──────── SUPPLIED RECORDS

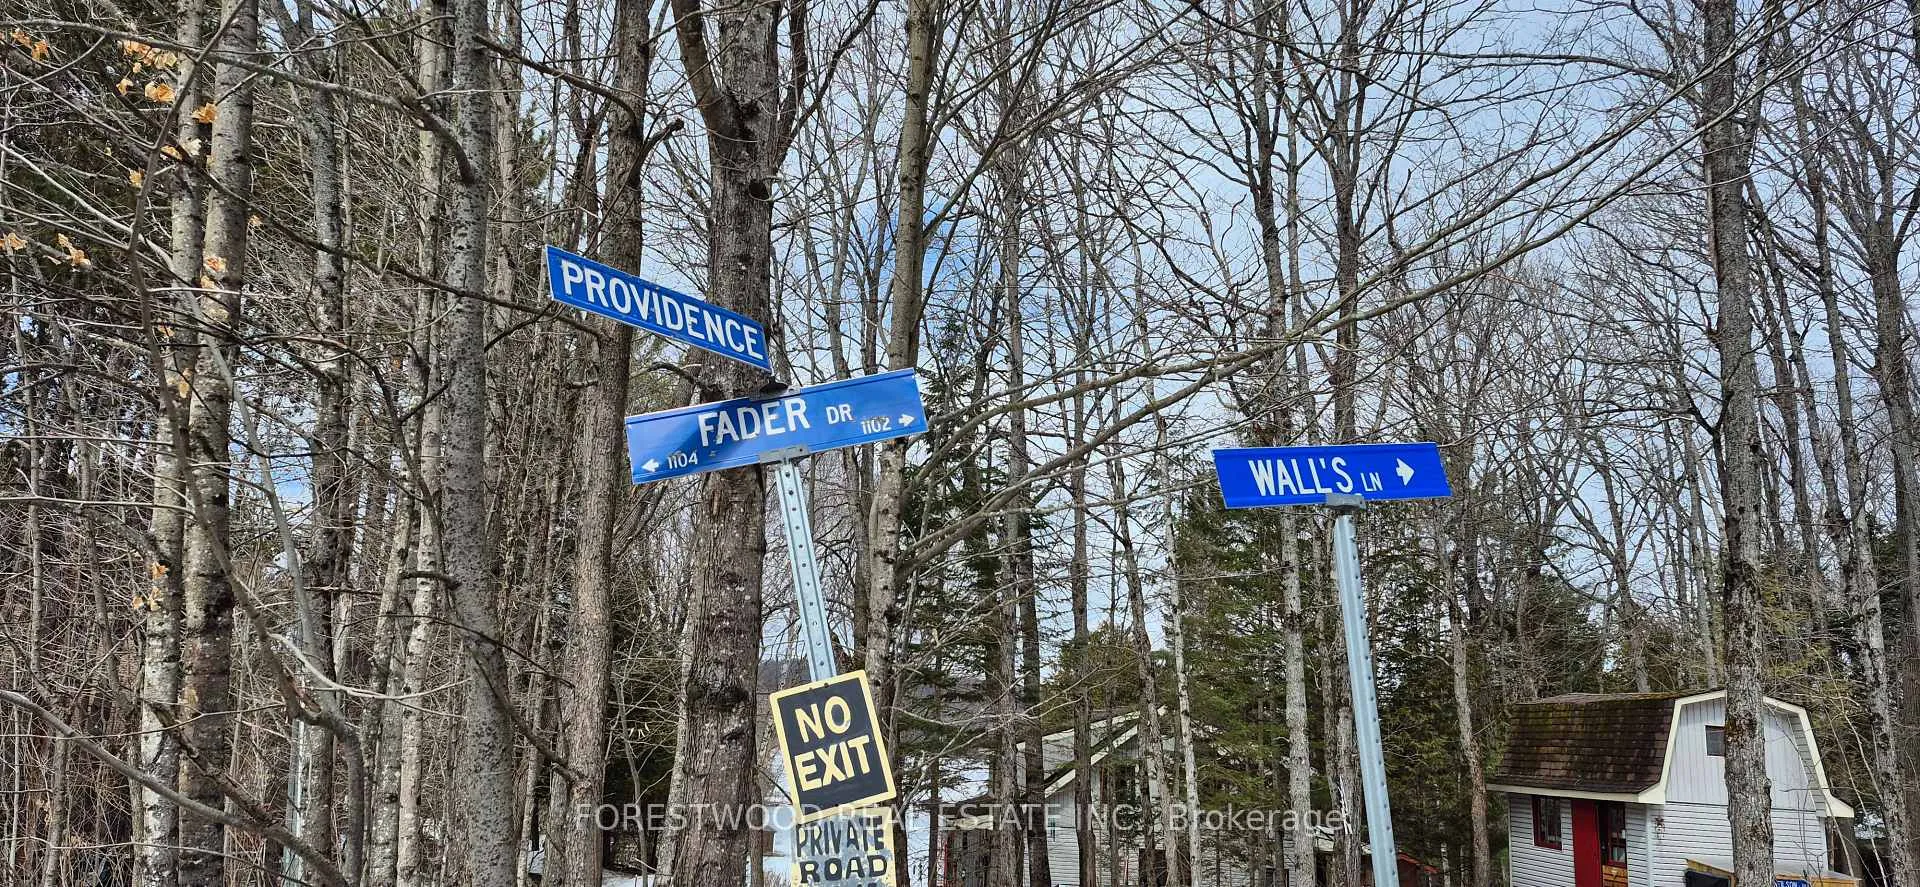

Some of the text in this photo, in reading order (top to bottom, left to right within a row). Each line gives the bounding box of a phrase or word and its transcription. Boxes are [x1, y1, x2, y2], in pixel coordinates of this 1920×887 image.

[561, 258, 765, 362] PROVIDENCE
[697, 398, 854, 448] FADER DR
[860, 417, 892, 435] 1102
[667, 452, 699, 470] 1104
[1248, 456, 1384, 497] WALL'S LN
[794, 695, 852, 743] NO
[794, 734, 871, 792] EXIT
[795, 815, 886, 858] PRIVATE
[799, 854, 888, 884] ROAD
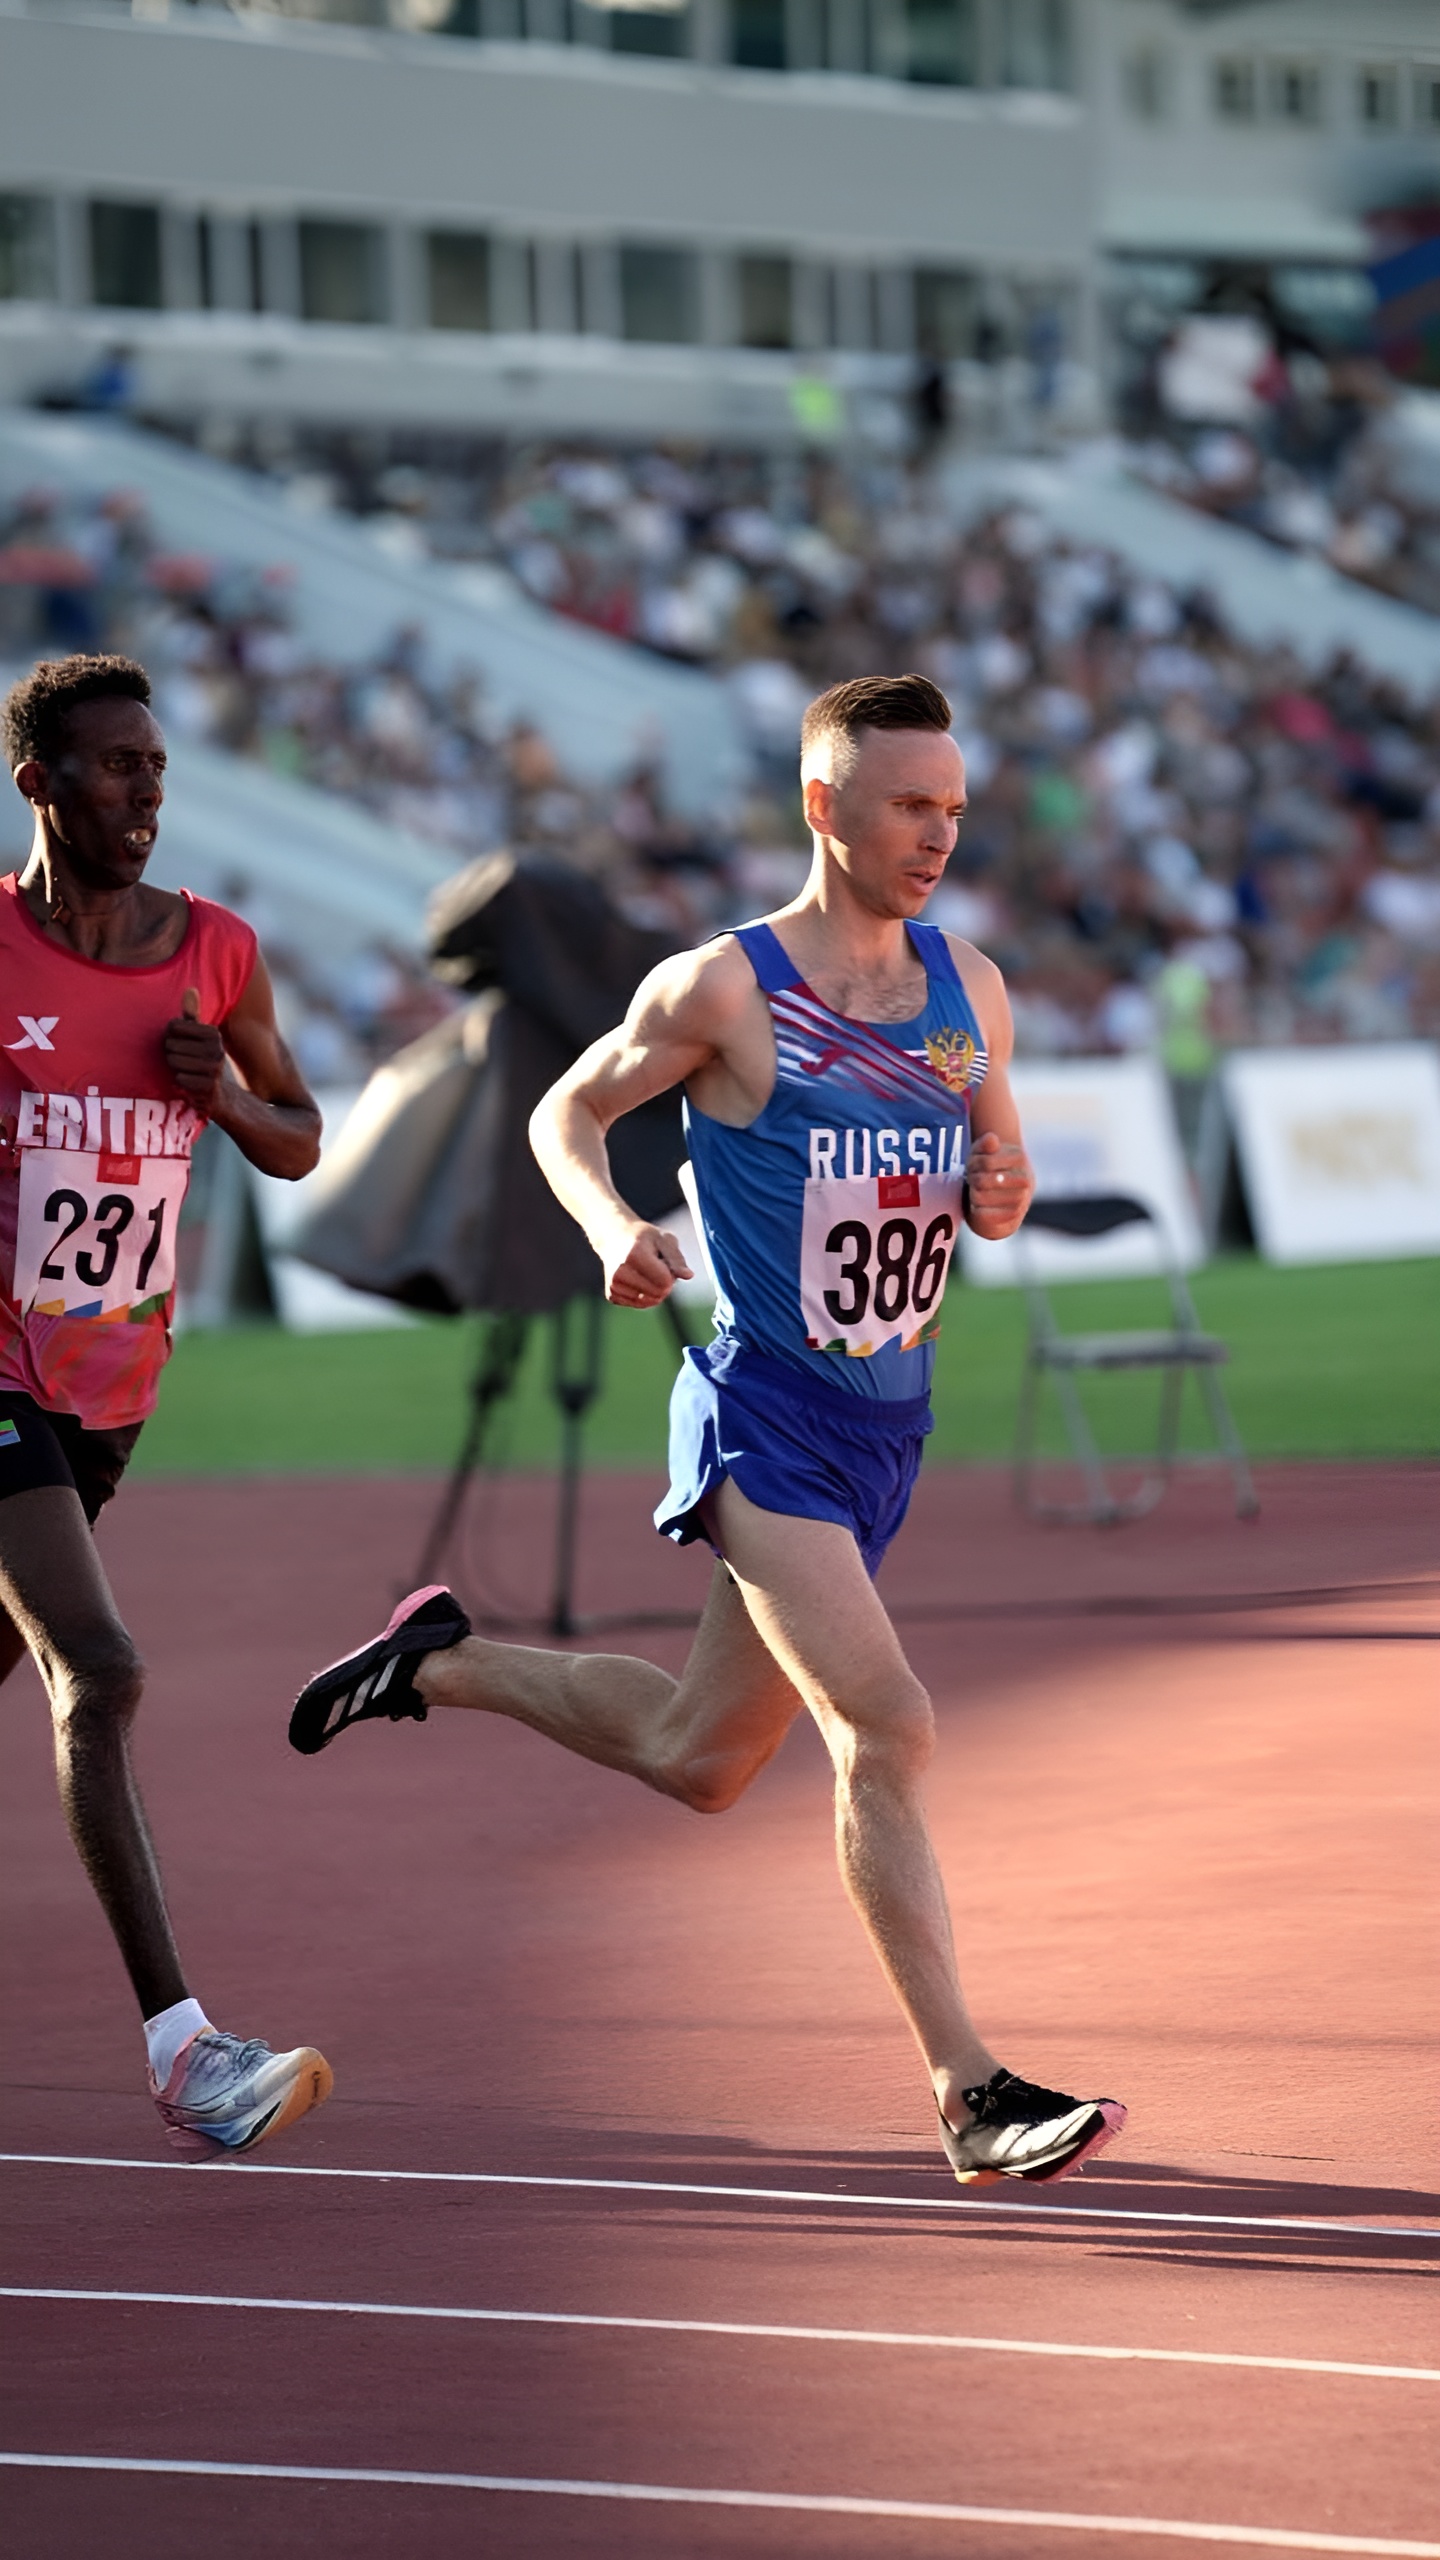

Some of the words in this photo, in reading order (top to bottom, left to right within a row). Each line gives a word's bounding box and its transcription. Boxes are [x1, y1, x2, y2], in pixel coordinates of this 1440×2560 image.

[809, 1125, 964, 1180] RUSSIA
[40, 1189, 165, 1290] 231
[823, 1213, 953, 1325] 386

────────────────

:: WHAT TO DO ::
A word-for-word restatement of all the lines above is needed, with the pictures omitted.

:: OUTPUT OF THE EXERCISE ::
Some of the text in this photo, in reading order (top to bottom, left to right within a row). Each line gives the bounding box of a phrase or word and its transcription. Boxes are [x1, y1, x2, y2], in pixel coordinates of this 1920×887 image.

[561, 258, 765, 362] PROVIDENCE
[697, 398, 854, 448] FADER DR
[860, 417, 892, 435] 1102
[667, 452, 699, 470] 1104
[1248, 456, 1384, 497] WALL'S LN
[794, 695, 852, 743] NO
[794, 734, 871, 792] EXIT
[795, 815, 886, 858] PRIVATE
[799, 854, 888, 884] ROAD

Some of the words in this photo, in reading order (top to bottom, left to right within a row). Each line gives a word's bounding box and its transcription. Boxes are [x1, y1, x2, y2], in pixel coordinates of this 1440×2560 image.

[809, 1125, 964, 1180] RUSSIA
[40, 1189, 165, 1290] 231
[823, 1213, 953, 1325] 386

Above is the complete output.